Cierro mi libro de notas.
—Continuemos, señora.
Al darle la cara, la encuentro de pie con las manos sobre el respaldo de una silla Delante de ella, sentado, tose el humo de su cigarrillo negro un hombre de espaldas cargadas y mirar invisible: los ojos están escondidos por esos párpados arrugados, hinchados, gruesos y colgantes similares a un cuello de tortuga vieja, que no obstante parece seguir mis movimientos. Las mejillas mal afeitadas, hendidas por mil surcos grises, cuelgan de los pómulos salientes y las manos verdosas están escondidas entre las axilas: viste una camisa burda, azul, y su pelo revuelto semeja, por lo rizado, un fondo de barco cubierto de caramujos. No se mueve y el signo real de su existencia es ese jadeo difícil (como si la respiración debiera vencer los obstáculos de una y otra compuerta de flema, irritación, desgaste) que ya había escuchado entre los resquicios del zaguán.

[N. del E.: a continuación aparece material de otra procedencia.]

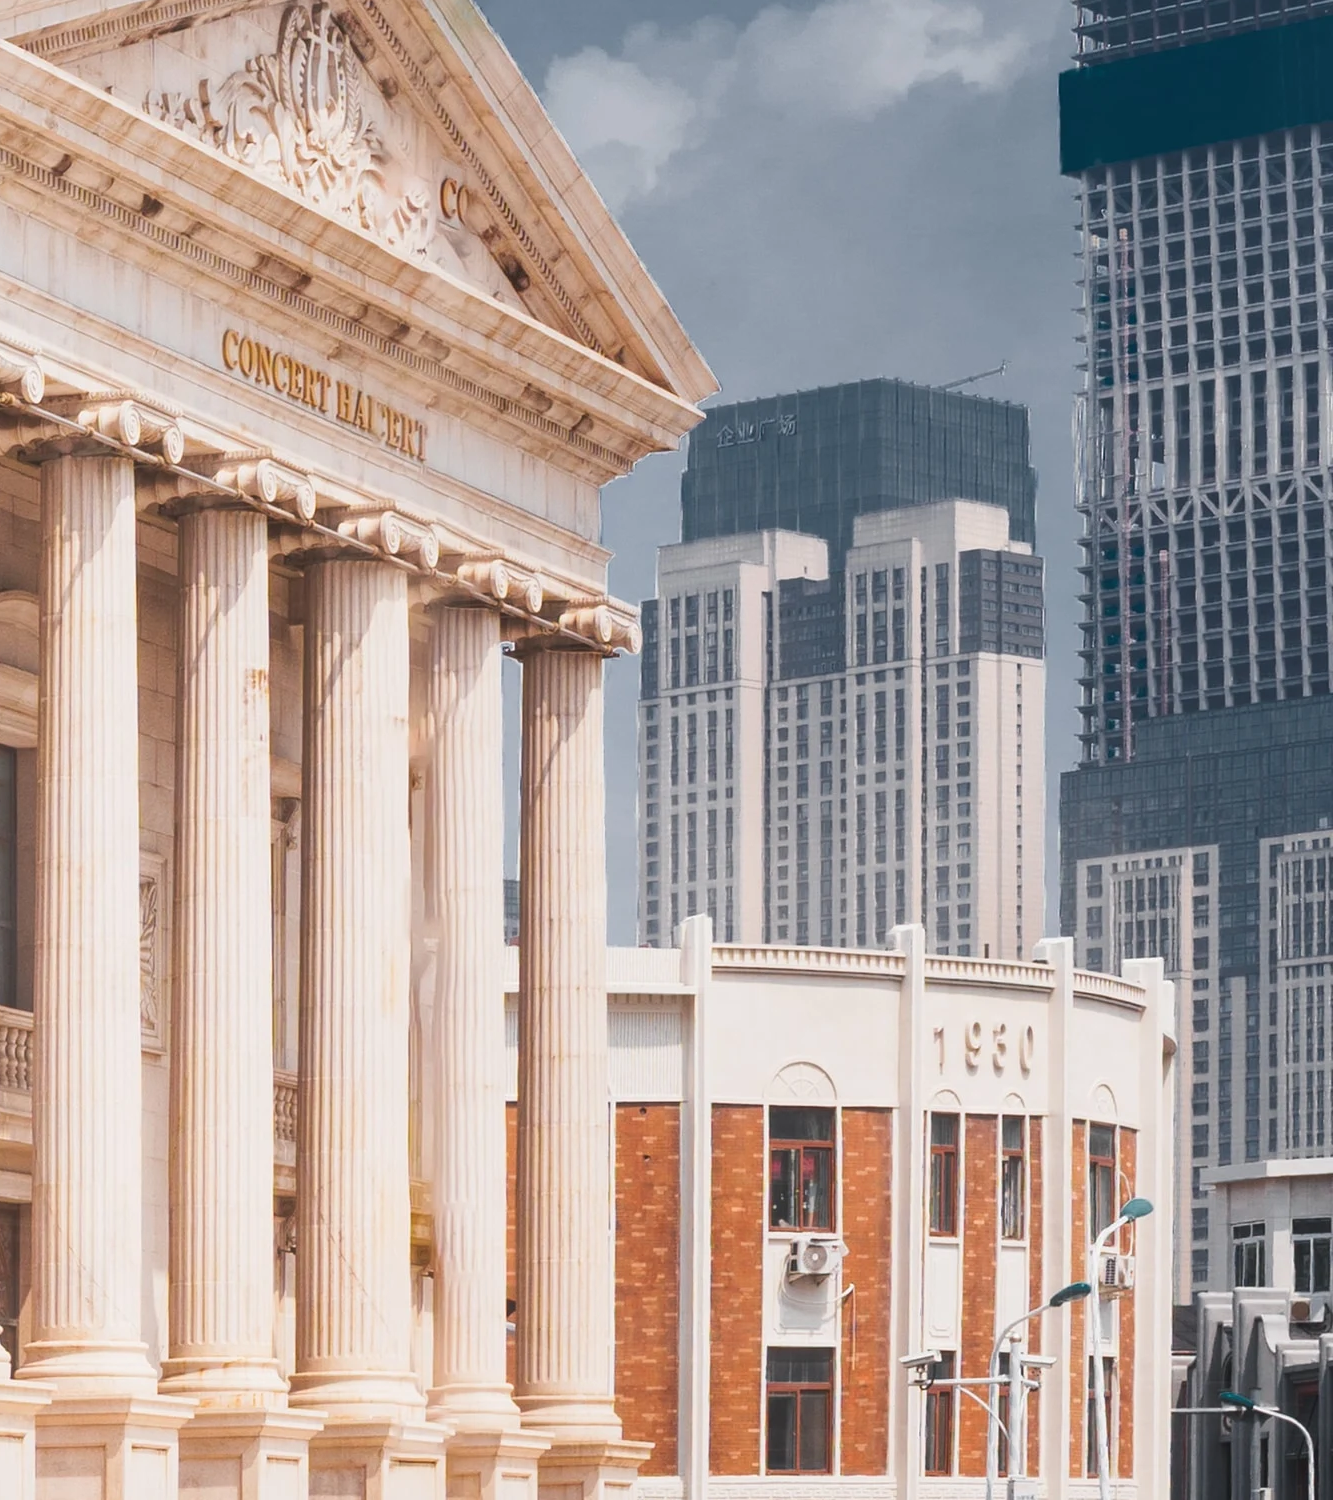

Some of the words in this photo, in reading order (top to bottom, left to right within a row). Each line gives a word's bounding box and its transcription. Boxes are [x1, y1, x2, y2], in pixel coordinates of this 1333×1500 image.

Ridículamente, murmuró: —Buenas tardes... —y me dispongo a olvidarlo todo: el misterio, Amilamia, el avalúo, las pistas. La aparición de este lobo asmático justifica una pronta huida. Repito "Buenas tardes", ahora en son de despedida. La máscara de la tortuga se desbarata en una sonrisa atroz: cada poro de esa carne parece fabricado de goma quebradiza, de hule pintado y podrido. El brazo se alarga y me detiene.
—Valdivia murió hace cuatro años —dice el hombre con esa voz sofocada, lejana, situada en las entrañas y no en la laringe: una voz tipluda y débil.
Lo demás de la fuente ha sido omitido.